We've had some interesting discussions about Confederate monuments.

There was nothing like a Directive #30 in 1865, as there was in 1946,



> How Did We Treat Monuments to White Supremacists When They Weren’t Our White Supremacists?
> https://slate.com/culture/2017/08/read-the-allied-order-to-destroy-nazi-monuments-in-germany.html


----------



## Blackadder1916 (5 Oct 2019)

FJAG said:
			
		

> That's very true but very few (if any of them) had as many statues raised to them by a defeated nation. Tell me when's the last time you saw a statue of Bernard Montgomery? I think there's just the one at Whitehall. Or Heinz Guderian? Nada.
> 
> The point of the article is that Lee was never the kindly, gentleman who he was portrayed to be but a ruthless slave owner and white supremacist. His image was greatly polished after the war by the "Lost Cause" proponents who used him as one of many symbol to to push through widespread Jim Crow laws in the South.
> 
> :cheers:



Napoleon (and a few other French generals) probably falls into the statue category?

Maybe, since I quoted only your comment about the relationship of Lee's battlefield successes to good fortune or lacklustre opponents, my response was meant to touch only on that aspect of Lee's career.  As for the more reprehensible characteristics of his personality, the article is probably on point.  But what it likely fails to explain is that Lee was not much different than any of the pre-Civil War Regular Army Colonels, and not just the ones from the South (the majority, by the way stayed in the US Army and fought for the Union).


----------



## mariomike (5 Oct 2019)

Nothing new about who had the best generals.

But, it's pretty hard to argue about the end result when looking at photographs of the ruined cities of the South.

The Aesthetics of Ruined Cities and the Lost Cause
https://oxfordre.com/americanhistory/view/10.1093/acrefore/9780199329175.001.0001/acrefore-9780199329175-e-313?result=1&rskey=vkiW5v


----------



## FSTO (5 Oct 2019)

Blackadder1916 said:
			
		

> Napoleon (and a few other French generals) probably falls into the statue category?
> 
> Maybe, since I quoted only your comment about the relationship of Lee's battlefield successes to good fortune or lacklustre opponents, my response was meant to touch only on that aspect of Lee's career.  As for the more reprehensible characteristics of his personality, the article is probably on point.  But what it likely fails to explain is that Lee was not much different than any of the pre-Civil War Regular Army Colonels, and not just the ones from the South (the majority, by the way stayed in the US Army and fought for the Union).

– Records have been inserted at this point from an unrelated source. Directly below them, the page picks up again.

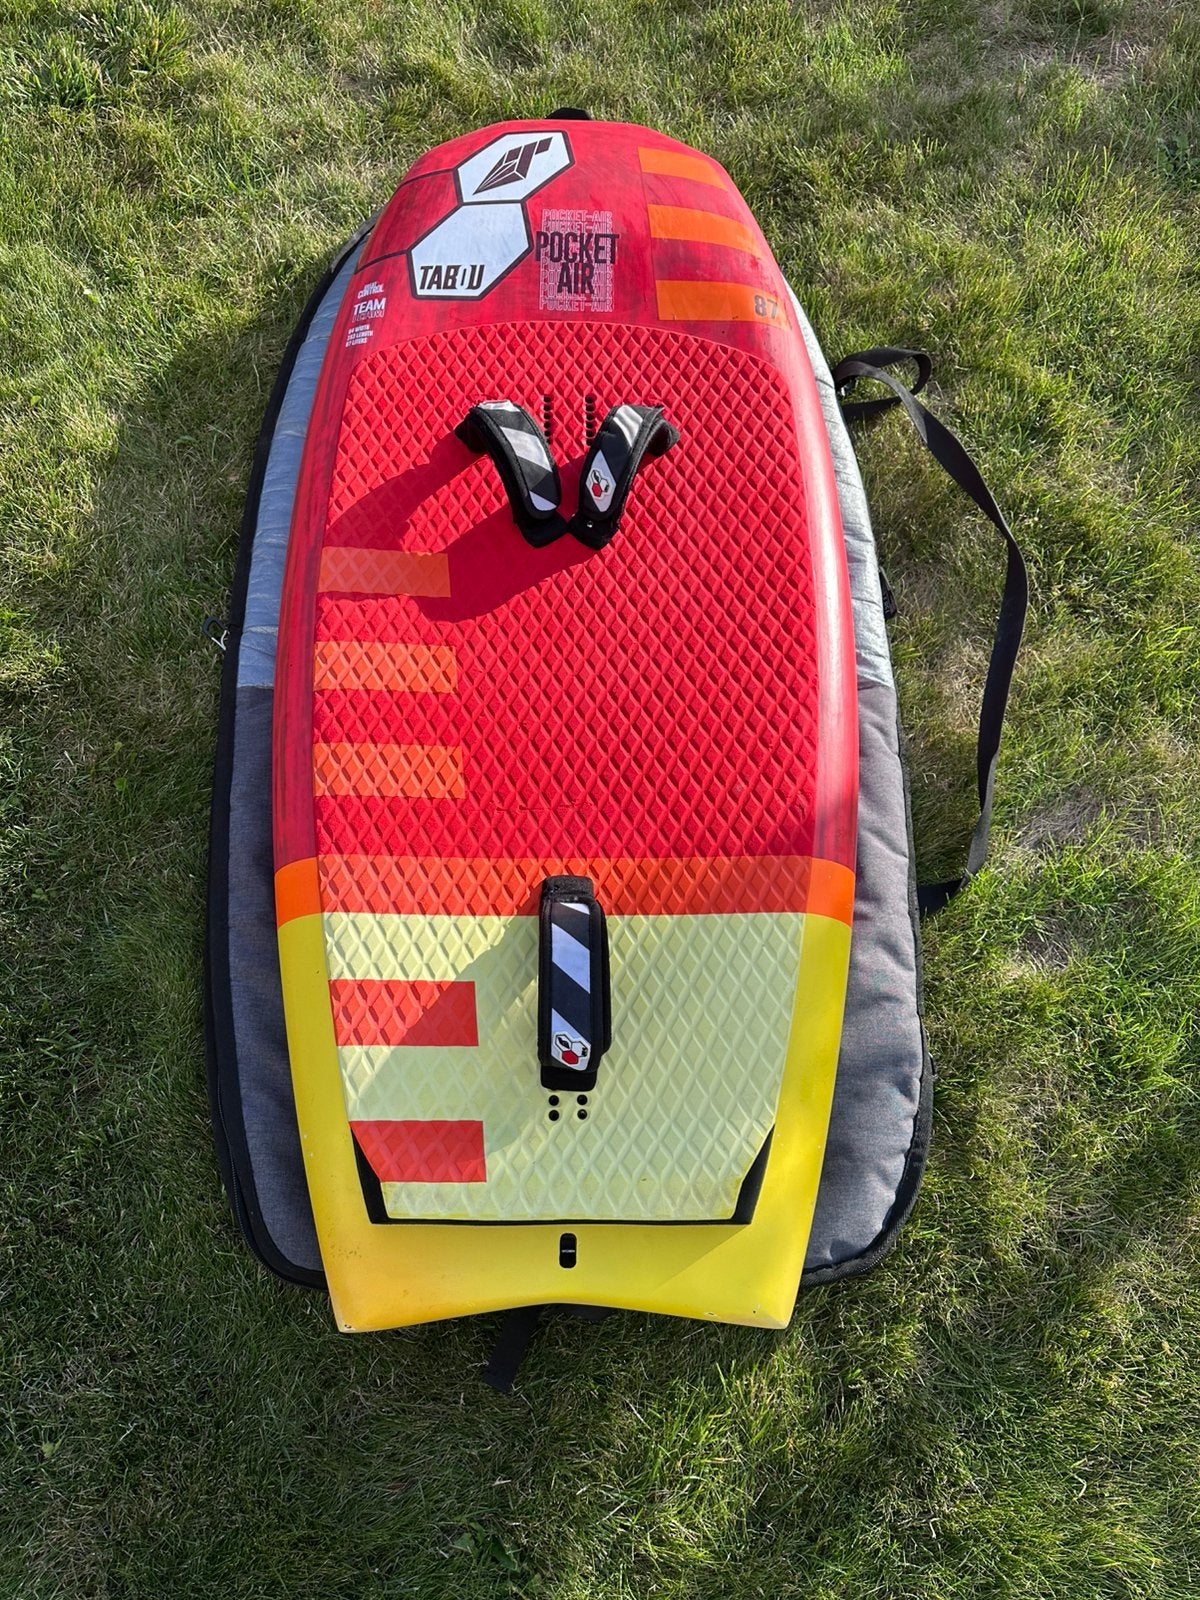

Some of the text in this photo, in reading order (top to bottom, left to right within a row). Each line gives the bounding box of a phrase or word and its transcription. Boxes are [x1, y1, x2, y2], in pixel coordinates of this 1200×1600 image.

[535, 230, 620, 265] POCKET
[419, 264, 485, 290] TABOU
[557, 261, 595, 295] AIR
[353, 297, 387, 316] TEAM
[754, 294, 778, 320] 87
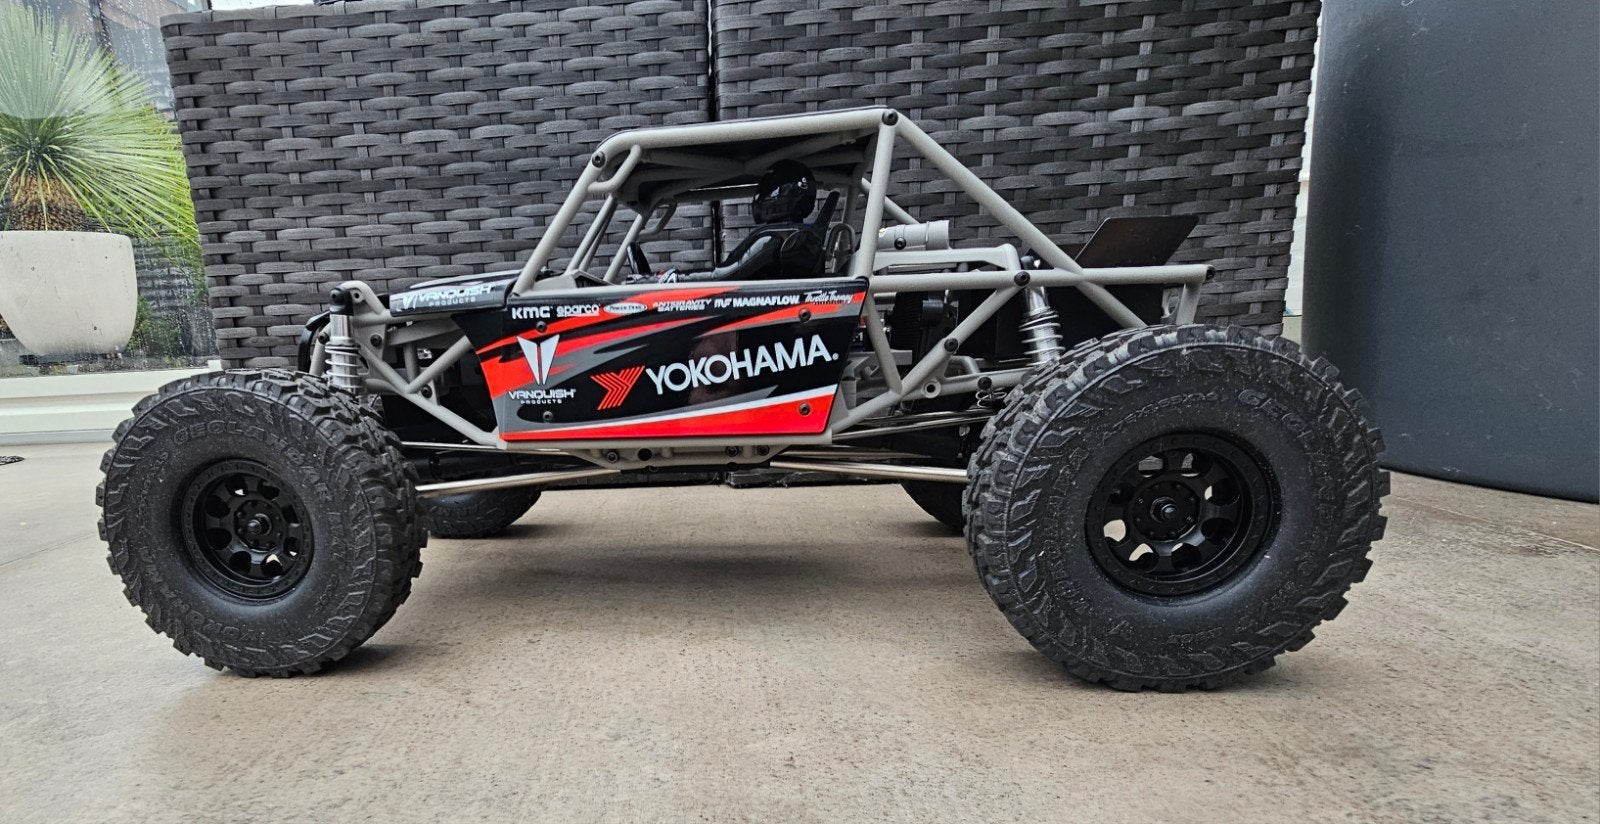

I'm sure the aboriginals of the Great Plains had great things to say of the Officers and Men of the US Calvary.


----------



## tomahawk6 (5 Oct 2019)

Lee lost to Grant's strategy of attrition just as the indians did.


----------



## Infanteer (5 Oct 2019)

Grant's strategy actually wasn't one of attrition.  His orders for the Overland Campaign, contained in his memoirs, actually indicate some sophisticated operational manoeuvre between 4 separate armies.  His objective was Lee's Army, and the campaign saw repeated use of manoeuvre to try and lever Lee out of ground where he could be defeated.


----------



## FJAG (6 Oct 2019)

Infanteer said:
			
		

> Grant's strategy actually wasn't one of attrition.  His orders for the Overland Campaign, contained in his memoirs, actually indicate some sophisticated operational manoeuvre between 4 separate armies.  His objective was Lee's Army, and the campaign saw repeated use of manoeuvre to try and lever Lee out of ground where he could be defeated.



The Overland Campaign is well summarized in Wikipedia:

https://en.wikipedia.org/wiki/Overland_Campaign

It showed a deft handling of continuing offensive turning movements against a determined enemy relying on the strength of defensive positions. Grant probably gained an advantage in this process when early on in the campaign, James Longstreet, Lee's premier expert on active defence, was wounded (like Jackson, by his own men) and had to sit out the remainder of it.

Thereafter Petersburg. Well, what can one say about trench warfare in a Virginia winter? Lee was forced into it and Grant had to besiege it.

Thereafter the Appomattox campaign also ran it's course as a series of turning/flanking movements to cut Lee from his supplies and force Lee into the open where his army could be defeated in detail.

I think the argument respecting attrition comes from the fact that a) Grant was constantly aggressive and kept the pressure on Lee (which was essential) b) Lee mostly fought from defensive positions which limited his casualties while Grant, on the offensive, naturally had more, and c) the "Lost Cause" crowd needed to find an excuse for why their side lost which wasn't predicated on their own bumbling campaigns and inadequacies (like logistics which were for the most part atrocious).

 :cheers:


----------



## mariomike (6 Oct 2019)

A Canadian connection to Confederate memorials.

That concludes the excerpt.